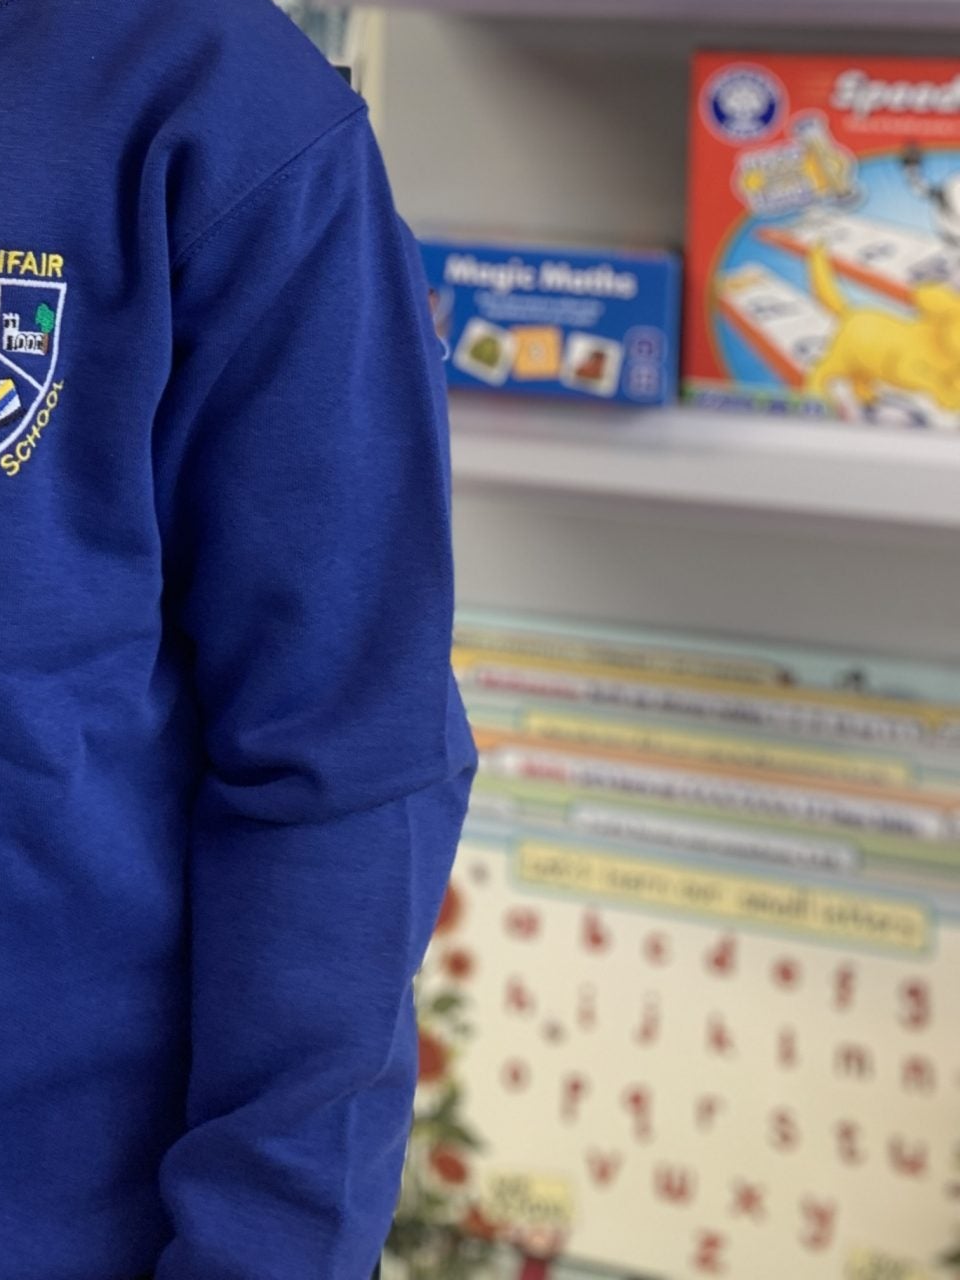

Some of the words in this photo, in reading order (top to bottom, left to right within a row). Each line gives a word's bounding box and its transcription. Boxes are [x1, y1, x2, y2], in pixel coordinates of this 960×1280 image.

[831, 70, 960, 117] Speed
[445, 255, 535, 292] Magic
[541, 261, 637, 298] Maths
[0, 380, 64, 476] SCHOOL
[739, 886, 811, 918] small
[818, 898, 918, 939] letters
[503, 908, 540, 937] a
[583, 908, 611, 954] b
[644, 934, 670, 965] c
[704, 934, 737, 976] d
[773, 959, 799, 990] e
[833, 962, 857, 1012] f
[900, 978, 929, 1031] g
[707, 1014, 735, 1057] k
[836, 1044, 871, 1080] m
[904, 1055, 933, 1094] n
[562, 1073, 589, 1122] p
[623, 1084, 651, 1142] q
[770, 1110, 798, 1152] s
[834, 1120, 864, 1164] t
[889, 1134, 929, 1177] u
[587, 1147, 622, 1185] v
[730, 1180, 765, 1218] x
[801, 1196, 835, 1252] y
[692, 1230, 727, 1274] z

====

» **Work request**
Transcribe the records word for word and include no pictures.

» **Result of this task**
Some of the words in this photo, in reading order (top to bottom, left to right within a row). Each line gives a word's bounding box and its transcription. Boxes are [x1, y1, x2, y2], in pixel coordinates of this 960×1280 image.

[831, 70, 960, 117] Speed
[445, 255, 535, 292] Magic
[541, 261, 637, 298] Maths
[0, 380, 64, 476] SCHOOL
[739, 886, 811, 918] small
[818, 898, 918, 939] letters
[503, 908, 540, 937] a
[583, 908, 611, 954] b
[644, 934, 670, 965] c
[704, 934, 737, 976] d
[773, 959, 799, 990] e
[833, 962, 857, 1012] f
[900, 978, 929, 1031] g
[707, 1014, 735, 1057] k
[836, 1044, 871, 1080] m
[904, 1055, 933, 1094] n
[562, 1073, 589, 1122] p
[623, 1084, 651, 1142] q
[770, 1110, 798, 1152] s
[834, 1120, 864, 1164] t
[889, 1134, 929, 1177] u
[587, 1147, 622, 1185] v
[730, 1180, 765, 1218] x
[801, 1196, 835, 1252] y
[692, 1230, 727, 1274] z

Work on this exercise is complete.